■ Provided records ■

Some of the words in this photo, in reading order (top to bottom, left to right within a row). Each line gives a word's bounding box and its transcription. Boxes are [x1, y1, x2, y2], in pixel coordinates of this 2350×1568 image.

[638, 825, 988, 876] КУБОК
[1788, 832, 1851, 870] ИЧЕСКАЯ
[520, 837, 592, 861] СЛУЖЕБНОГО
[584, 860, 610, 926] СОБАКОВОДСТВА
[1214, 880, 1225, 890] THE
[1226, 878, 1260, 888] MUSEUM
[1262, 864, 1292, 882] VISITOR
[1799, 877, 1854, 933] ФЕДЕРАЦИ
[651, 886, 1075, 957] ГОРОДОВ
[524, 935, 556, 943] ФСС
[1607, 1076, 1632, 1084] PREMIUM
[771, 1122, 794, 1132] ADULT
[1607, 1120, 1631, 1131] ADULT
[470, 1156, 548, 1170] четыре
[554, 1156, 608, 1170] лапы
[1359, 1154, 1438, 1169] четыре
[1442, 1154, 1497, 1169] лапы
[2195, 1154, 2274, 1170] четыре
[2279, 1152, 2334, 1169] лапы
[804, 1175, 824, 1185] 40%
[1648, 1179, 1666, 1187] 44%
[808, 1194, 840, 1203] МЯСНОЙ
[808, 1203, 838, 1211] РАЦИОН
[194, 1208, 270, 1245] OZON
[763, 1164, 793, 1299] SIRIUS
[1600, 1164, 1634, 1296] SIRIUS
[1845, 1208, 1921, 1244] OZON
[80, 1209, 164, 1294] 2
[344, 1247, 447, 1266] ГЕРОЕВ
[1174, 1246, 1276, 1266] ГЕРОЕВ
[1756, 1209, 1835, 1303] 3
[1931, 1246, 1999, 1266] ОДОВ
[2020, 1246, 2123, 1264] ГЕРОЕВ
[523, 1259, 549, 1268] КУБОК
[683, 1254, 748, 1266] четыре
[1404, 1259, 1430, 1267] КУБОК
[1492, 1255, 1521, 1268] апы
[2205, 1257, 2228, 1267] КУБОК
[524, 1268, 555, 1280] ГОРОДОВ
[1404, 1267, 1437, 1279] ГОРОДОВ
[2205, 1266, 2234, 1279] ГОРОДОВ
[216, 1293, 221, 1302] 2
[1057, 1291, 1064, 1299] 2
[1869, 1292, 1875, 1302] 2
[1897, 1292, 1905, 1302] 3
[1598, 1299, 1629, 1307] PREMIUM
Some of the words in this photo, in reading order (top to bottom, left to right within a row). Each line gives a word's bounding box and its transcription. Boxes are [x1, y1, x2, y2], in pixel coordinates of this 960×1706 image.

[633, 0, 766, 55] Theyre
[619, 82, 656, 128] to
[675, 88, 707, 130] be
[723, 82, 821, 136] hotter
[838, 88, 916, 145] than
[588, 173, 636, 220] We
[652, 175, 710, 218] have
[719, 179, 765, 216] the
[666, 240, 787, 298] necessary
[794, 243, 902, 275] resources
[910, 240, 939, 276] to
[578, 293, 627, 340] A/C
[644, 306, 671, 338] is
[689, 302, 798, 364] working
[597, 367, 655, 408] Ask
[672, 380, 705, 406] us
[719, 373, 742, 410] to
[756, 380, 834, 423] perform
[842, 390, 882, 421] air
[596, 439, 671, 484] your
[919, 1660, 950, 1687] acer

■ Exercise objective ■
Write out the records above again, keeping each one identical to the original.

■ Exercise response ■
Some of the words in this photo, in reading order (top to bottom, left to right within a row). Each line gives a word's bounding box and its transcription. Boxes are [x1, y1, x2, y2], in pixel coordinates of this 2350×1568 image.

[638, 825, 988, 876] КУБОК
[1788, 832, 1851, 870] ИЧЕСКАЯ
[520, 837, 592, 861] СЛУЖЕБНОГО
[584, 860, 610, 926] СОБАКОВОДСТВА
[1214, 880, 1225, 890] THE
[1226, 878, 1260, 888] MUSEUM
[1262, 864, 1292, 882] VISITOR
[1799, 877, 1854, 933] ФЕДЕРАЦИ
[651, 886, 1075, 957] ГОРОДОВ
[524, 935, 556, 943] ФСС
[1607, 1076, 1632, 1084] PREMIUM
[771, 1122, 794, 1132] ADULT
[1607, 1120, 1631, 1131] ADULT
[470, 1156, 548, 1170] четыре
[554, 1156, 608, 1170] лапы
[1359, 1154, 1438, 1169] четыре
[1442, 1154, 1497, 1169] лапы
[2195, 1154, 2274, 1170] четыре
[2279, 1152, 2334, 1169] лапы
[804, 1175, 824, 1185] 40%
[1648, 1179, 1666, 1187] 44%
[808, 1194, 840, 1203] МЯСНОЙ
[808, 1203, 838, 1211] РАЦИОН
[194, 1208, 270, 1245] OZON
[763, 1164, 793, 1299] SIRIUS
[1600, 1164, 1634, 1296] SIRIUS
[1845, 1208, 1921, 1244] OZON
[80, 1209, 164, 1294] 2
[344, 1247, 447, 1266] ГЕРОЕВ
[1174, 1246, 1276, 1266] ГЕРОЕВ
[1756, 1209, 1835, 1303] 3
[1931, 1246, 1999, 1266] ОДОВ
[2020, 1246, 2123, 1264] ГЕРОЕВ
[523, 1259, 549, 1268] КУБОК
[683, 1254, 748, 1266] четыре
[1404, 1259, 1430, 1267] КУБОК
[1492, 1255, 1521, 1268] апы
[2205, 1257, 2228, 1267] КУБОК
[524, 1268, 555, 1280] ГОРОДОВ
[1404, 1267, 1437, 1279] ГОРОДОВ
[2205, 1266, 2234, 1279] ГОРОДОВ
[216, 1293, 221, 1302] 2
[1057, 1291, 1064, 1299] 2
[1869, 1292, 1875, 1302] 2
[1897, 1292, 1905, 1302] 3
[1598, 1299, 1629, 1307] PREMIUM
Some of the words in this photo, in reading order (top to bottom, left to right within a row). Each line gives a word's bounding box and its transcription. Boxes are [x1, y1, x2, y2], in pixel coordinates of this 960×1706 image.

[633, 0, 766, 55] Theyre
[619, 82, 656, 128] to
[675, 88, 707, 130] be
[723, 82, 821, 136] hotter
[838, 88, 916, 145] than
[588, 173, 636, 220] We
[652, 175, 710, 218] have
[719, 179, 765, 216] the
[666, 240, 787, 298] necessary
[794, 243, 902, 275] resources
[910, 240, 939, 276] to
[578, 293, 627, 340] A/C
[644, 306, 671, 338] is
[689, 302, 798, 364] working
[597, 367, 655, 408] Ask
[672, 380, 705, 406] us
[719, 373, 742, 410] to
[756, 380, 834, 423] perform
[842, 390, 882, 421] air
[596, 439, 671, 484] your
[919, 1660, 950, 1687] acer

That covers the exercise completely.